REQUIRED WORK
The records are given next. Repeat each one exactly.

RECORD SET
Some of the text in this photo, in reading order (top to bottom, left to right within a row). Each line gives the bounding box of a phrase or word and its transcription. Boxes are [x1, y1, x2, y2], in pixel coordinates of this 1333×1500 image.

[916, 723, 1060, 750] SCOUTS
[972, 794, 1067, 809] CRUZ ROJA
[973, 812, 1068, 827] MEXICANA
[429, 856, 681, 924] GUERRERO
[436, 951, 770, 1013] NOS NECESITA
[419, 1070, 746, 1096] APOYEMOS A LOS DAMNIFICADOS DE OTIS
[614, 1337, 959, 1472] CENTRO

WRITTEN RESPONSE
Some of the text in this photo, in reading order (top to bottom, left to right within a row). Each line gives the bounding box of a phrase or word and its transcription. Boxes are [x1, y1, x2, y2], in pixel coordinates of this 1333×1500 image.

[916, 723, 1060, 750] SCOUTS
[972, 794, 1067, 809] CRUZ ROJA
[973, 812, 1068, 827] MEXICANA
[429, 856, 681, 924] GUERRERO
[436, 951, 770, 1013] NOS NECESITA
[419, 1070, 746, 1096] APOYEMOS A LOS DAMNIFICADOS DE OTIS
[614, 1337, 959, 1472] CENTRO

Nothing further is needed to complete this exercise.